Anesthesia awareness, or "unintended intra-operative awareness" occurs during general anesthesia, when a patient has not had enough general anesthetic or analgesic to prevent consciousness and the recall of events.



For patients undergoing general anesthesia, about 1 in 700 (Sebel PS: The incidence of awareness during anesthesia: A multicenter United States study. Anesth Analg 2004; 99:833-9) have anesthesia that is inadequate to keep them unconscious during an operation. In this situation, a patient may feel the pain or pressure of surgery, hear conversations, or feel as if they cannot breathe. The patient may be unable to communicate any distress because they have been given a paralytic/muscle relaxant.

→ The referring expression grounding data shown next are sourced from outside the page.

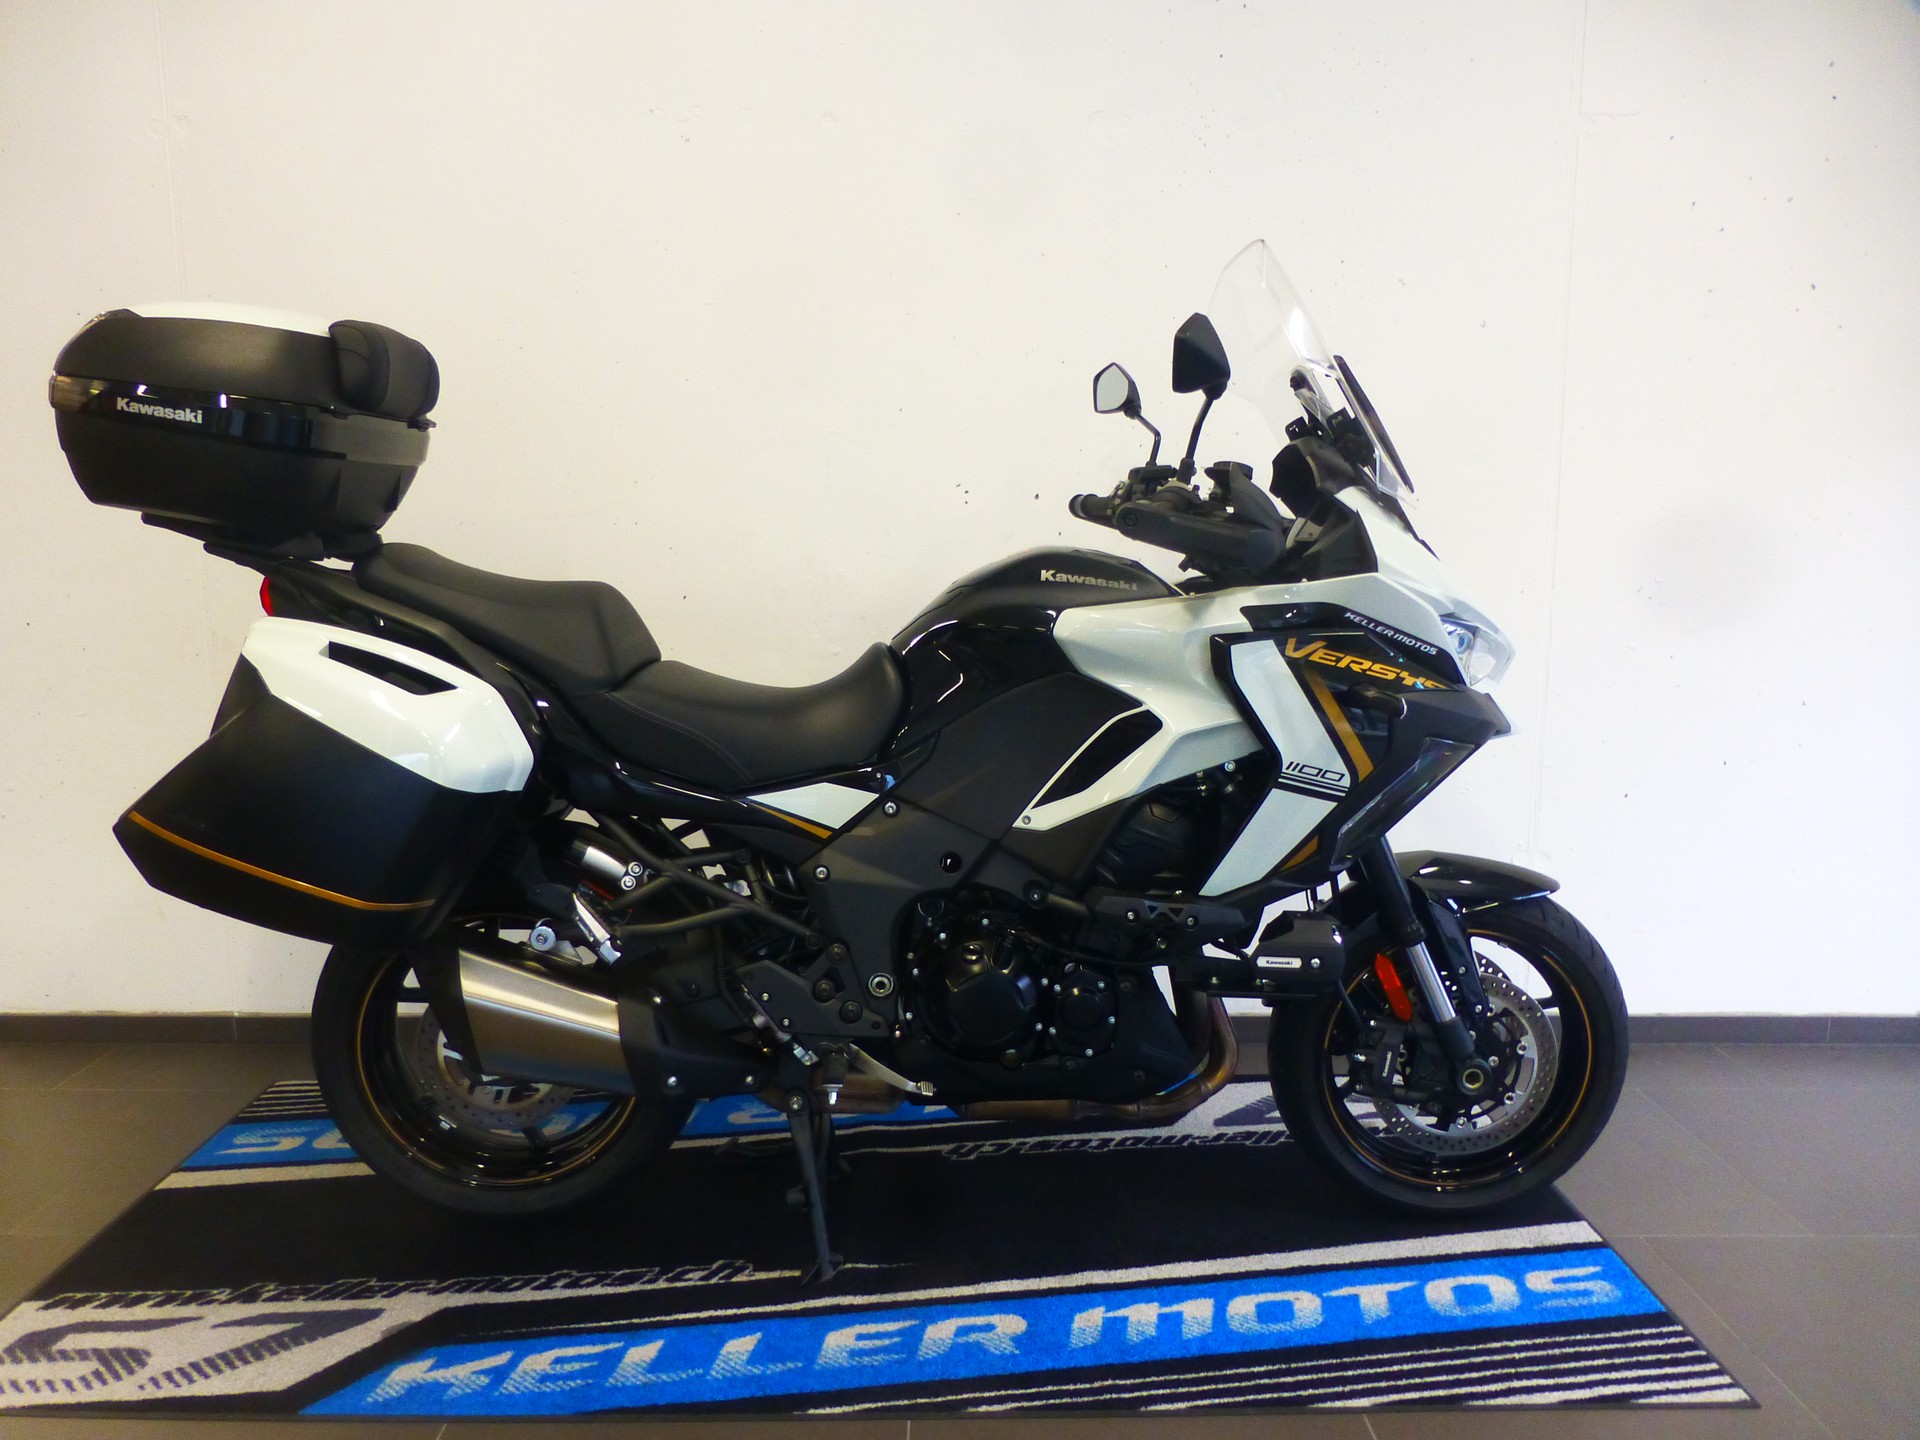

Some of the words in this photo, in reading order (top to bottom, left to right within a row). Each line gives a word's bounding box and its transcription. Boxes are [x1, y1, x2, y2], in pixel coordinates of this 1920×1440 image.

[116, 396, 203, 424] Kawasaki
[1040, 569, 1138, 592] Kawasaki
[1344, 612, 1394, 637] KELLER
[1393, 633, 1439, 655] MOTOS
[1285, 761, 1345, 782] 1100
[361, 1314, 1027, 1403] KELLER
[1069, 1266, 1621, 1350] MOTOS
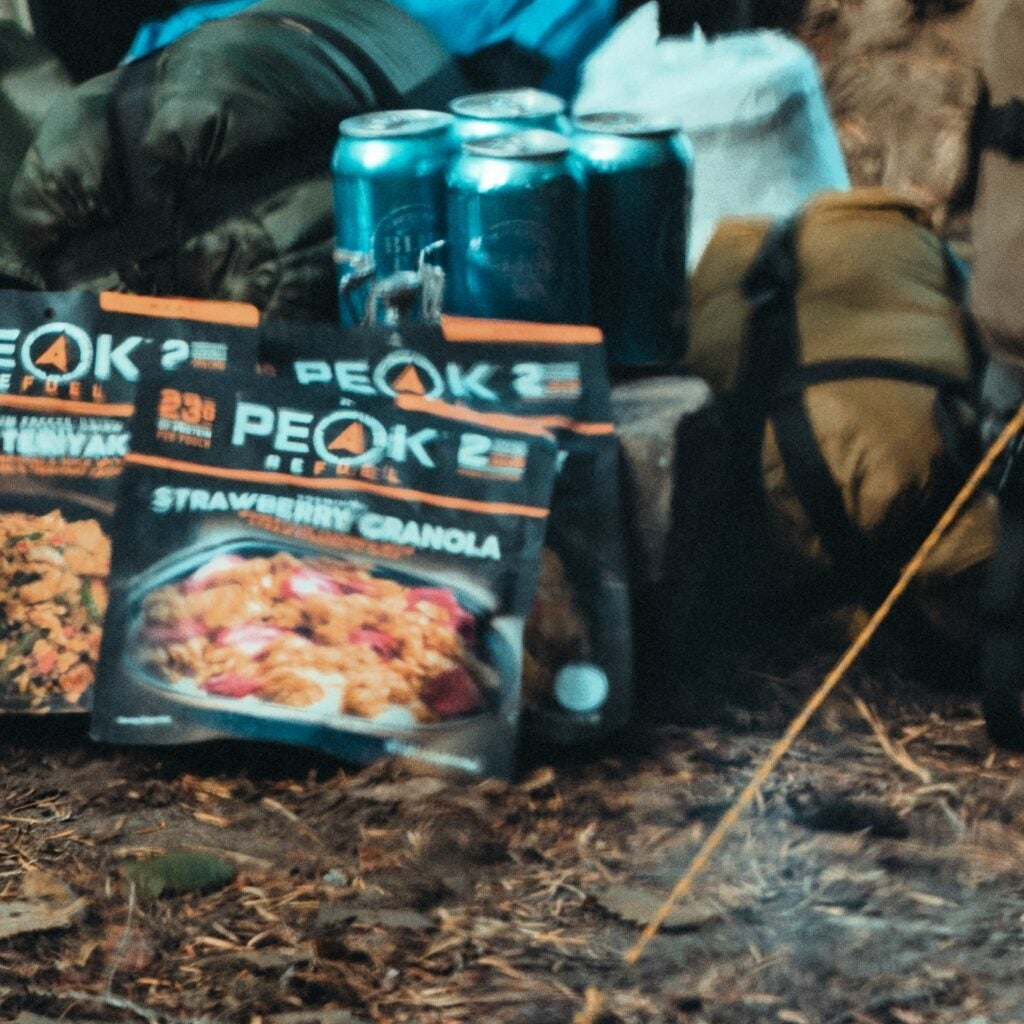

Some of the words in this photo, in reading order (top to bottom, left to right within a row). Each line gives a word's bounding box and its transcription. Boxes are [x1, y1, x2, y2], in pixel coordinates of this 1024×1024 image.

If anesthesia awareness does occur about 40% feel the pain of the operation, 92% experience panic/anxiety and 70% experience lasting psychological symptoms (N. Moerman et al,Anesthesiology;79:454-464, 1993)

In some cases, post traumatic stress disorder (PTSD) may arise after intraoperative awareness, causing the patient to require counseling for an extended period.[1]

The experience of anesthesia awareness

The most traumatic case of anesthesia awareness is full consciousness during surgery with pain and explicit recall of intraoperative events. In less severe cases, patients may have only poor recollection of conversations, events, pain, pressure or of difficulty in breathing.

The experiences of patients with anesthesia awareness vary widely, and patient responses and sequelae vary widely as well. This experience may be extremely traumatic for the patient.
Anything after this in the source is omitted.